Dans le couloir attendaient monsieur et madame Van den Brock.

— Bon courage, souffla Joséphine, elle n’est pas facile !

— Je sais, soupira monsieur Van den Brock, ils nous ont déjà interrogés ce matin et ont demandé à nous revoir !

— Je me demande bien pourquoi ils nous font revenir, dit madame Van den Brock. C’est cette policière surtout ! Elle a une dent contre nous.
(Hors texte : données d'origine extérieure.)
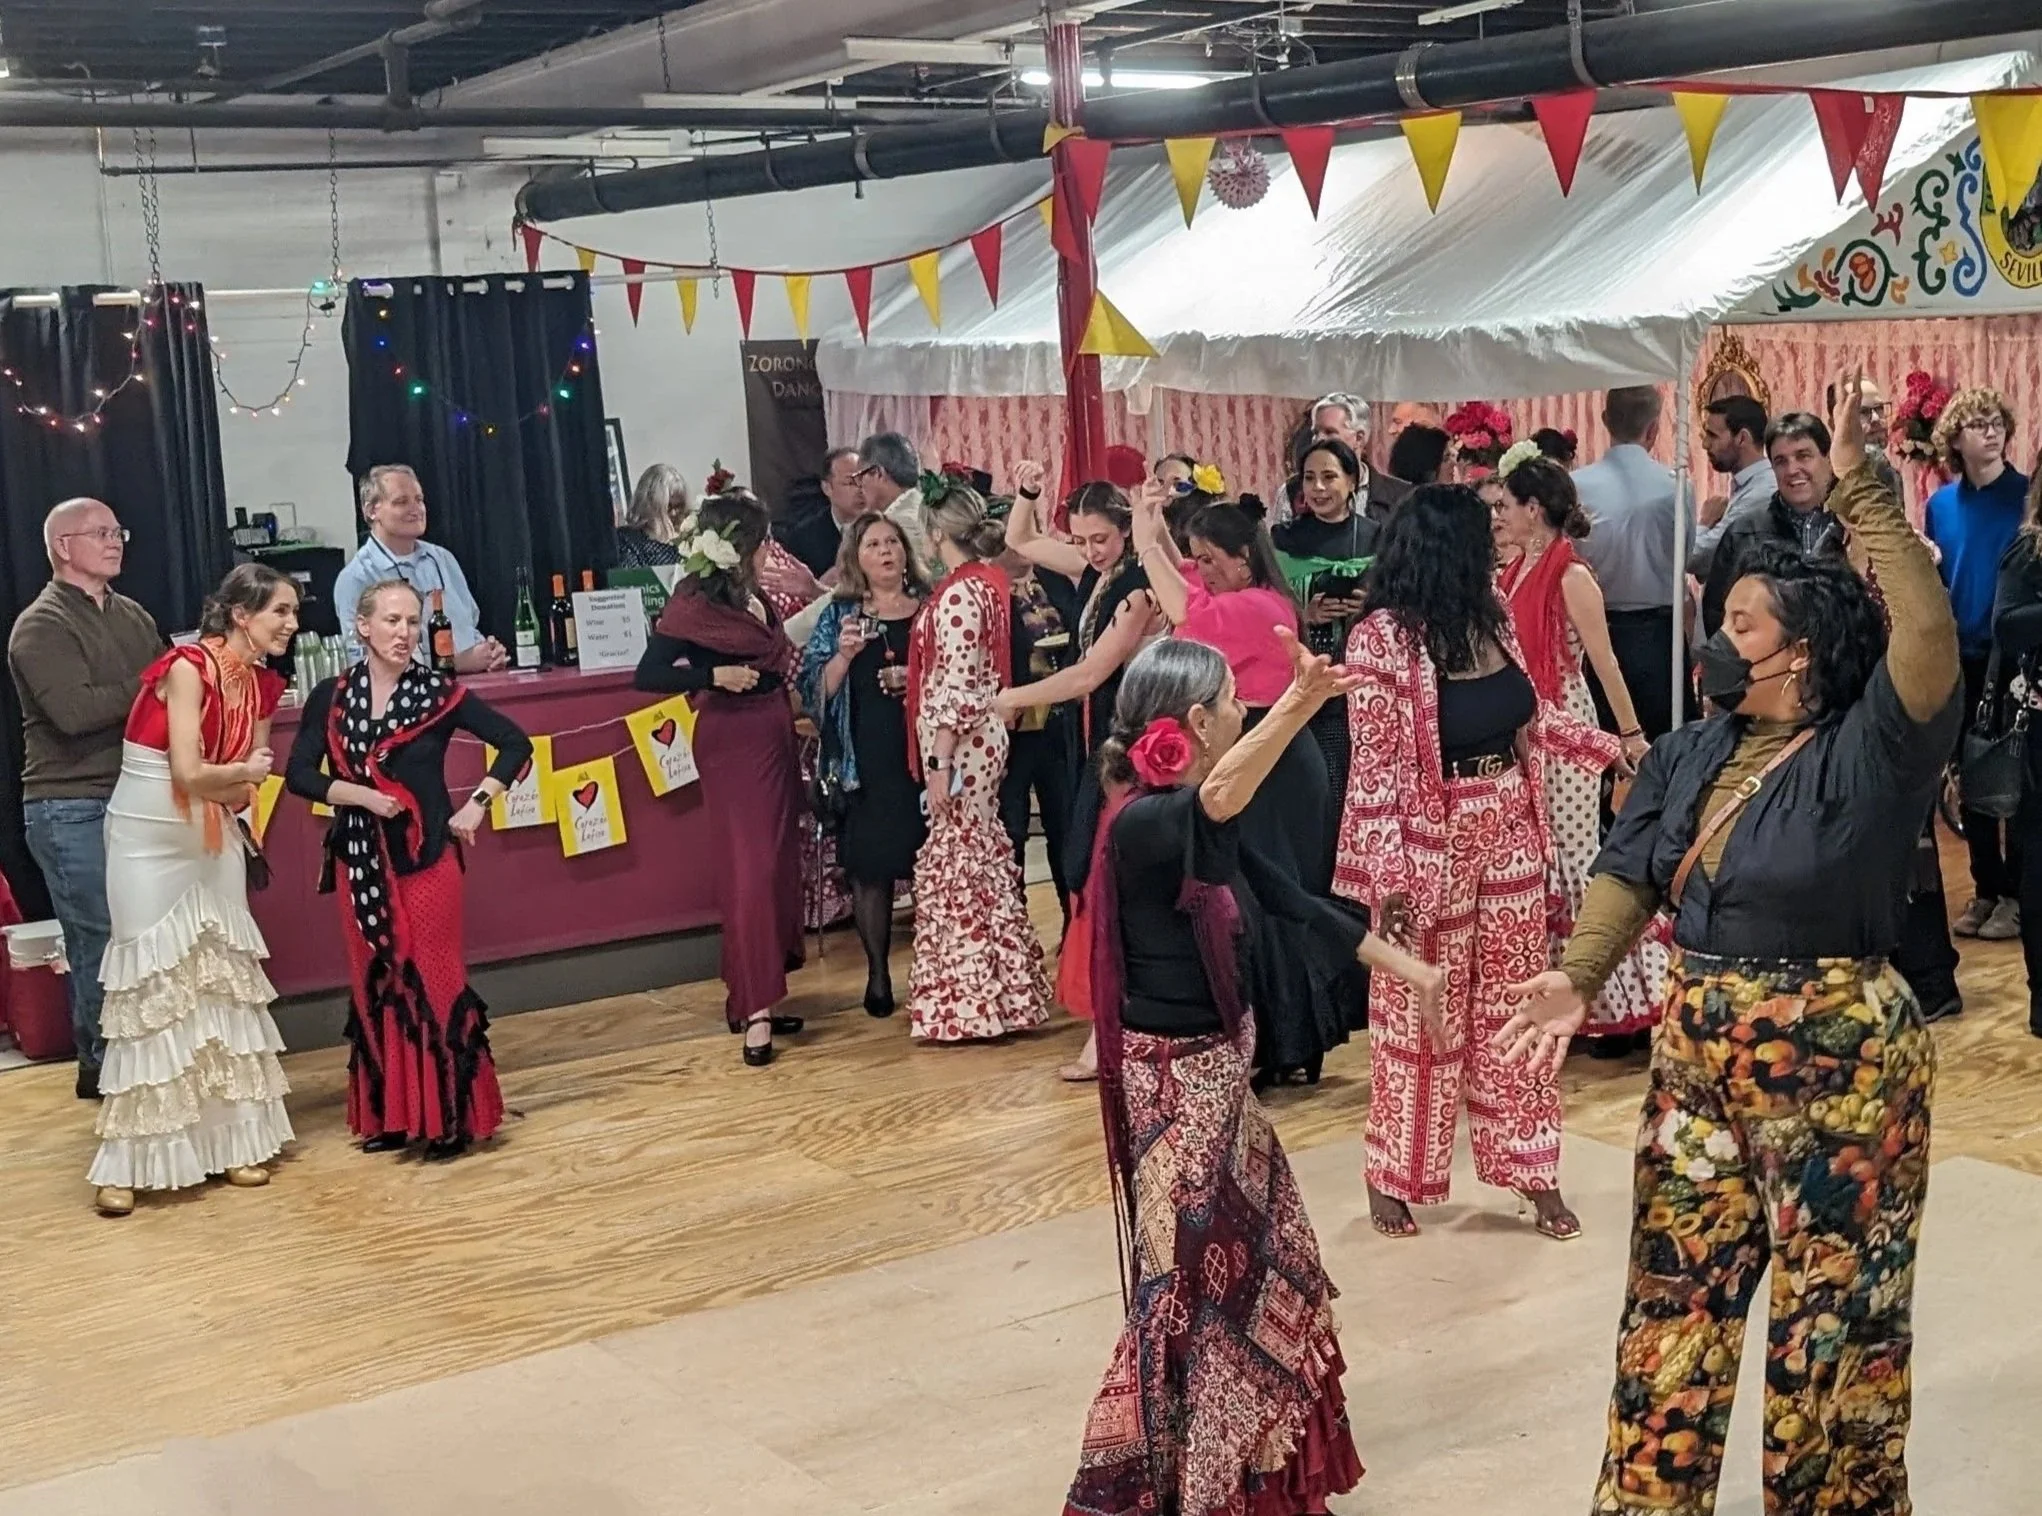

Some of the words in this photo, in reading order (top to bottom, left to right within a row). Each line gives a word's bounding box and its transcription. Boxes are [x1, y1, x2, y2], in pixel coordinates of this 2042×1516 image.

[588, 593, 626, 603] Suggested
[586, 619, 605, 627] Wine
[588, 633, 609, 641] Water
Joséphine sortit dans la rue, troublée. Je ne suis coupable de rien et pourtant le capitaine me soupçonne. Je l’irrite. Depuis le début. Parce que j’ai été agressée et que j’ai refusé de porter plainte ? Elle me croit complice : j’ai attiré mademoiselle de Bassonnière dans le local à poubelles, j’ai refermé la porte derrière elle, je l’ai livrée à l’assassin. J’ai fait le guet pendant qu’il la poignardait et je suis revenue deux jours plus tard sur le lieu du crime en feignant de découvrir le corps roulé dans la moquette. Et pourquoi ? Parce que la Bassonnière possédait un dossier sur moi. Ou sur Antoine. C’est cela : j’ai aidé Antoine à se débarrasser de cette femme qui le menaçait… Elle avait appris par son oncle qu’Antoine n’était pas mort, elle avait découvert qu’il se livrait à un trafic, qu’il avait intérêt à ce qu’on pense qu’il était mort et que… Il n’est pas mort puisqu’il me vole mes points de fidélité. Il n’est pas mort puisqu’il envoie des lettres et des cartes postales. Il n’est pas mort puisqu’il porte des cols roulés rouges dans le métro. Il n’est pas mort, il a mis en scène sa disparition. Il est devenu fou sous le soleil d’Afrique. Il est devenu un meurtrier et la Bassonnière l’avait deviné.